In the records that follow, skip the pictures and print everything else exactly.

▬▬▬▬▬▬▬▬▬▬

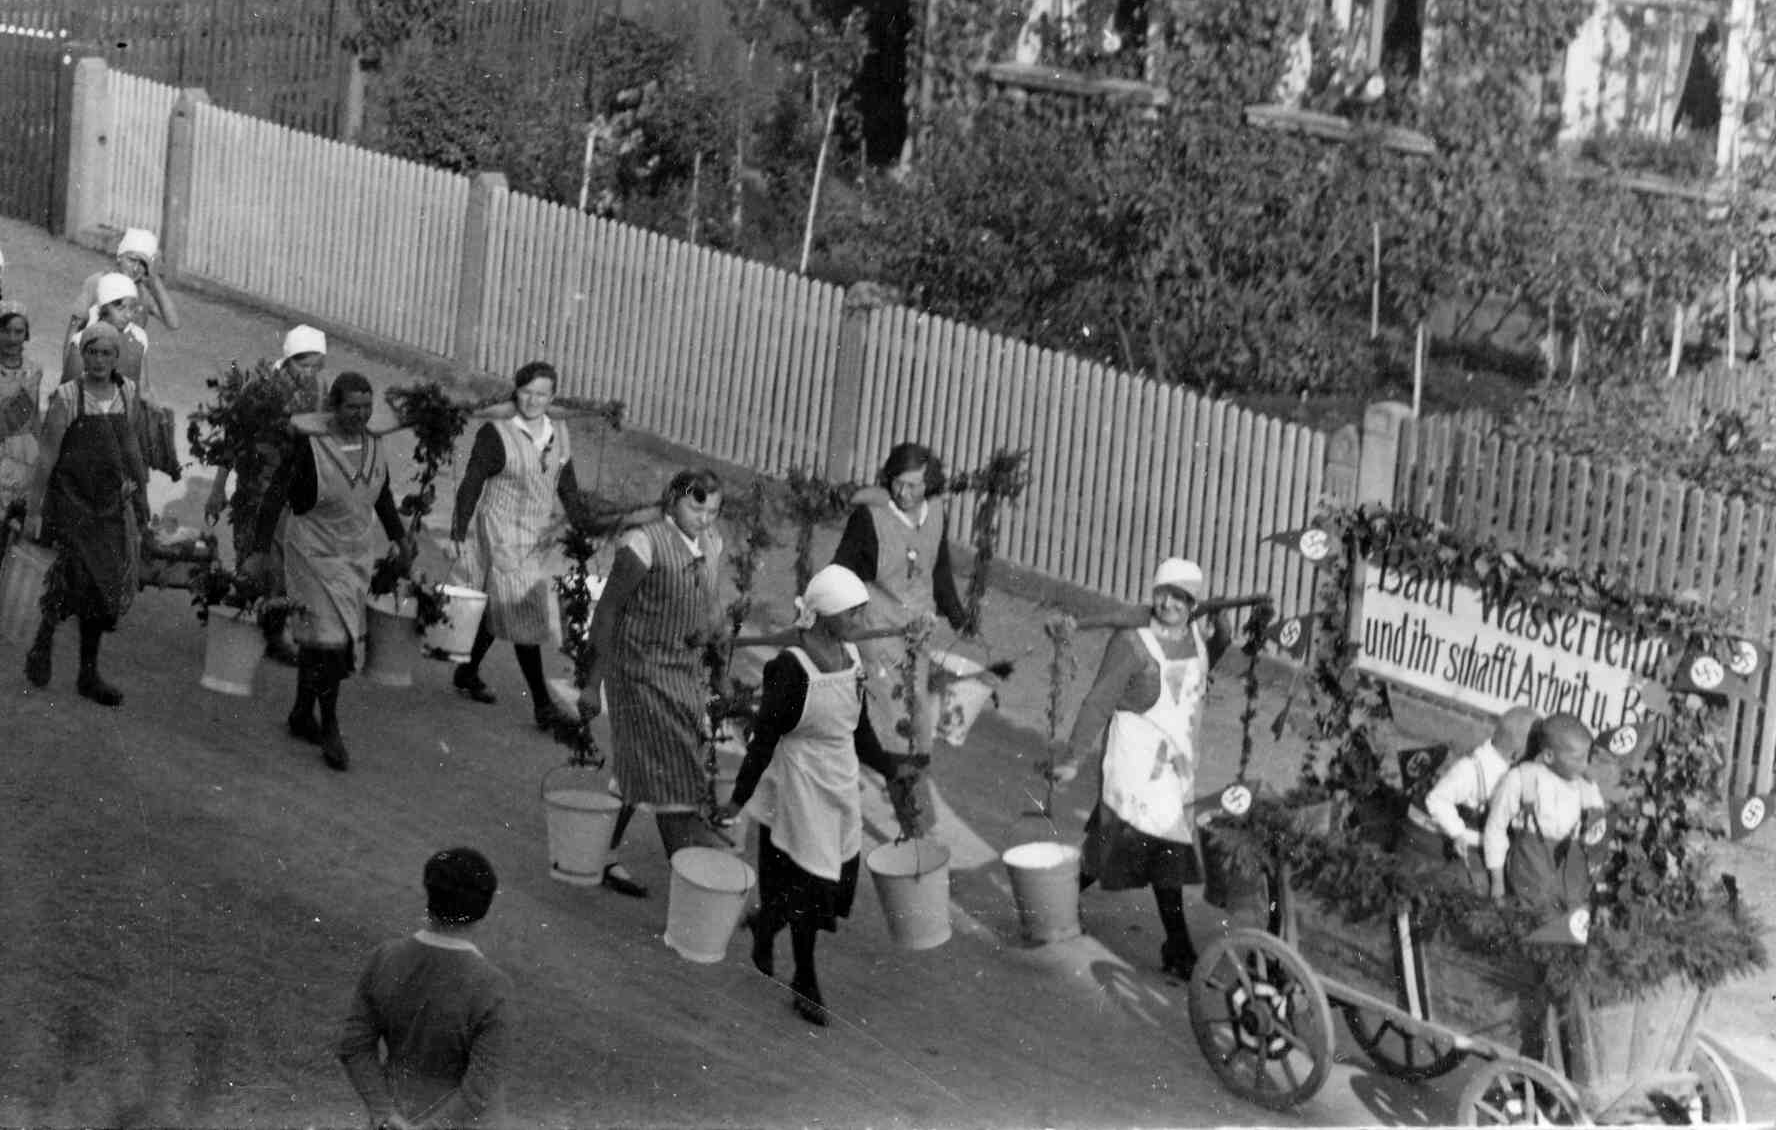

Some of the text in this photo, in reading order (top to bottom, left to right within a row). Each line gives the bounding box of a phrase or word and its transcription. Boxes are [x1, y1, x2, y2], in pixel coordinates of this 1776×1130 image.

[1364, 612, 1409, 666] und
[1407, 617, 1446, 675] ihr
[1442, 634, 1518, 700] schafft
[1512, 653, 1591, 720] Arbeit
[1620, 685, 1670, 743] Bro
[1478, 564, 1672, 683] Wasserleitu
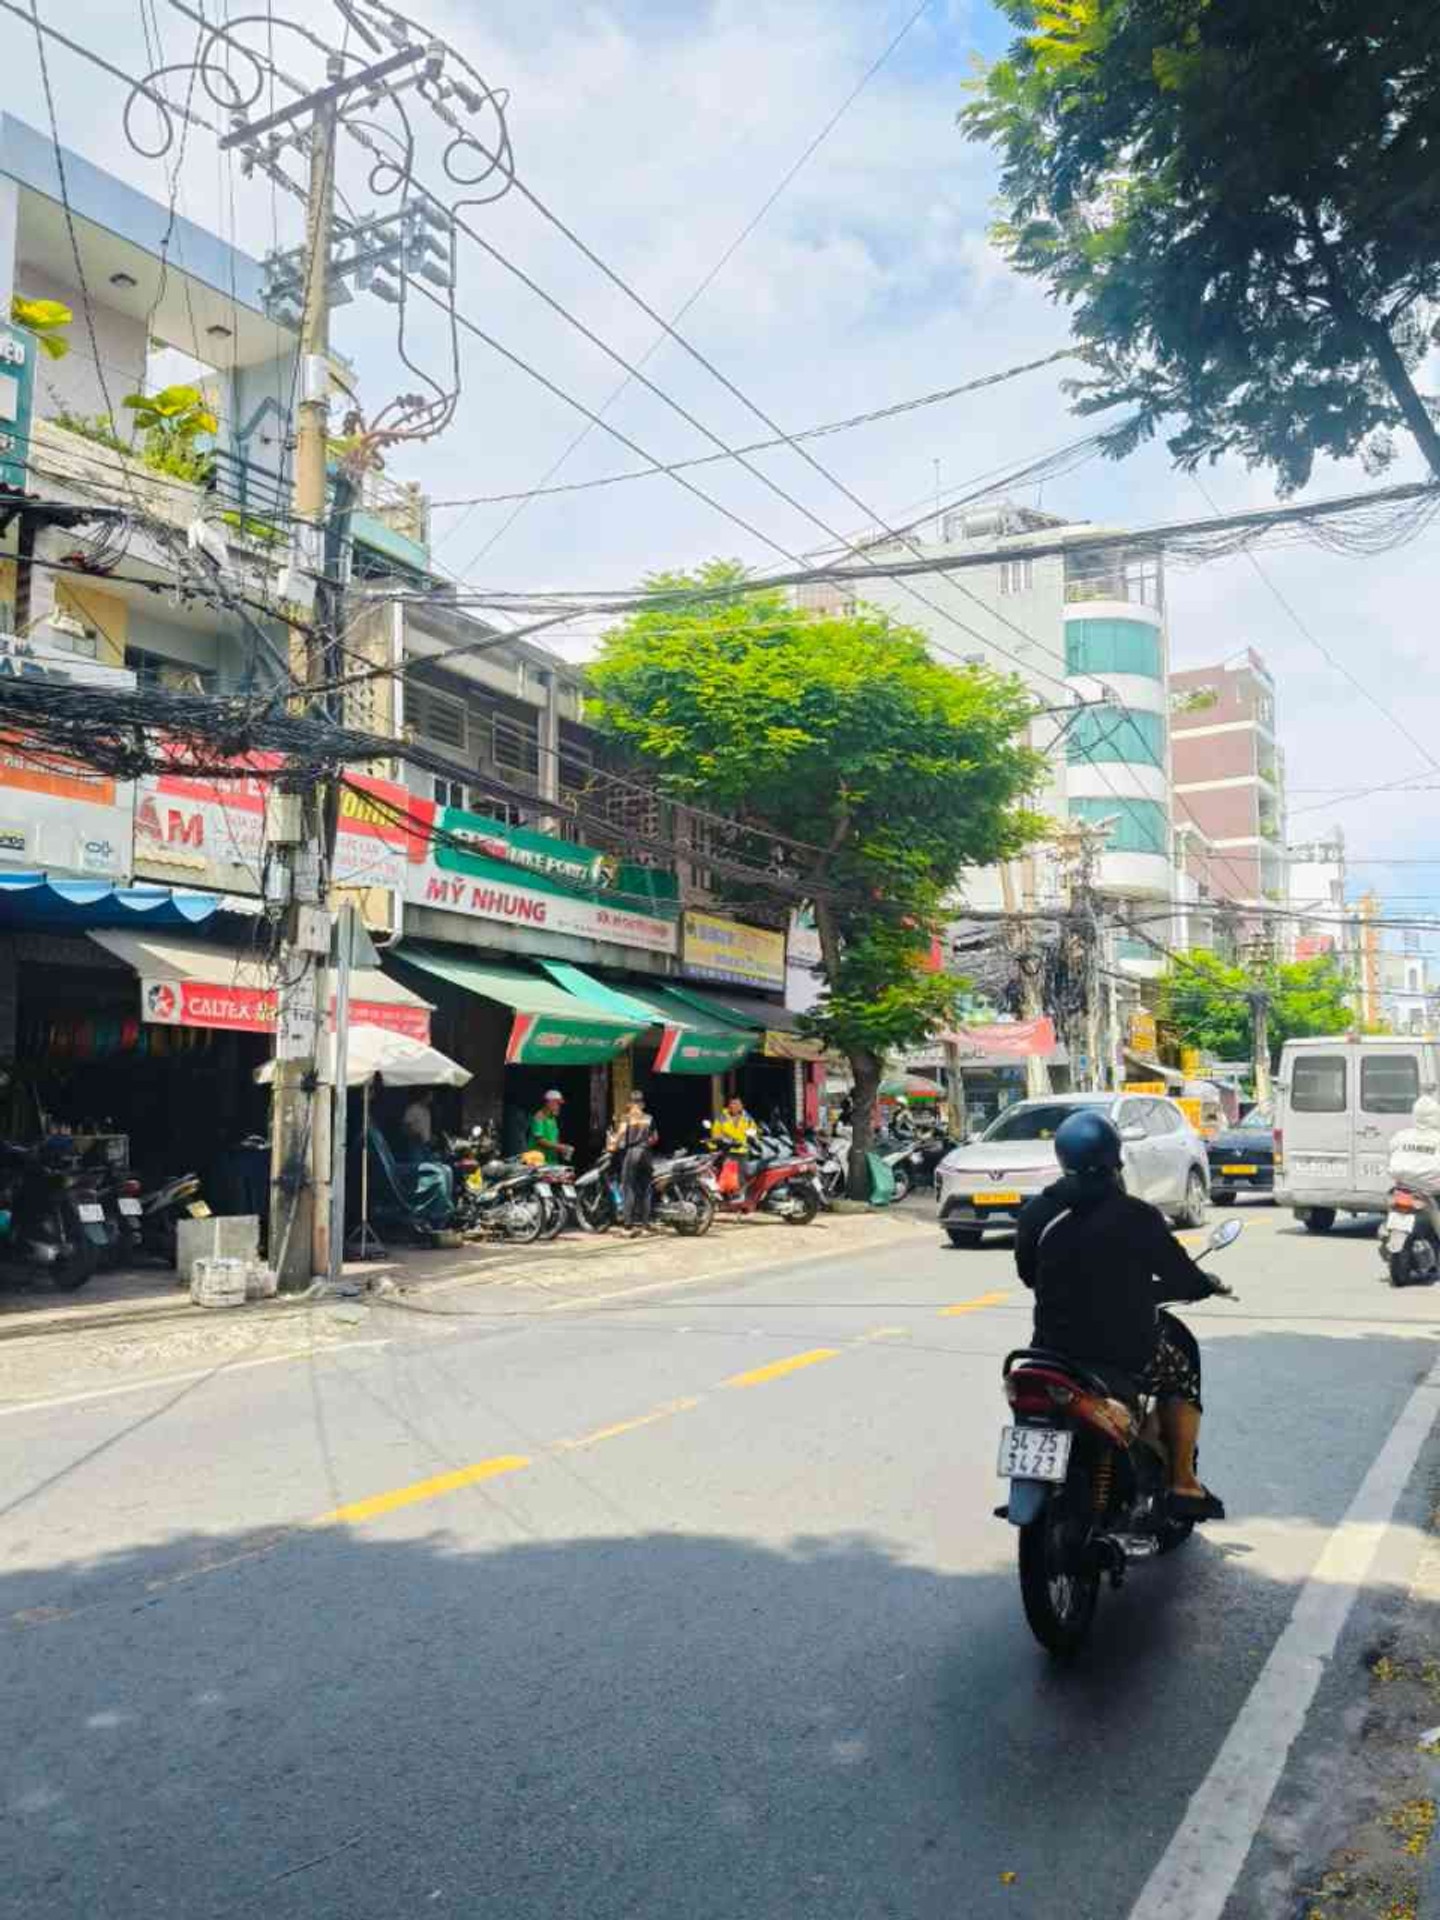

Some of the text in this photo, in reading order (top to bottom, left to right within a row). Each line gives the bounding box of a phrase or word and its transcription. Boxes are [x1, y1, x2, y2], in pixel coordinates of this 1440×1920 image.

[425, 876, 547, 923] MỸ NHUNG
[188, 996, 252, 1020] CALTEX

▬▬▬▬▬▬▬▬▬▬

Answer to this task
Some of the text in this photo, in reading order (top to bottom, left to right within a row). Each line gives the bounding box of a phrase or word and its transcription. Boxes are [x1, y1, x2, y2], in pixel coordinates of this 1776×1130 image.

[1364, 612, 1409, 666] und
[1407, 617, 1446, 675] ihr
[1442, 634, 1518, 700] schafft
[1512, 653, 1591, 720] Arbeit
[1620, 685, 1670, 743] Bro
[1478, 564, 1672, 683] Wasserleitu

Some of the text in this photo, in reading order (top to bottom, left to right within a row). Each line gives the bounding box of a phrase or word and its transcription. Boxes are [x1, y1, x2, y2], in pixel coordinates of this 1440×1920 image.

[425, 876, 547, 923] MỸ NHUNG
[188, 996, 252, 1020] CALTEX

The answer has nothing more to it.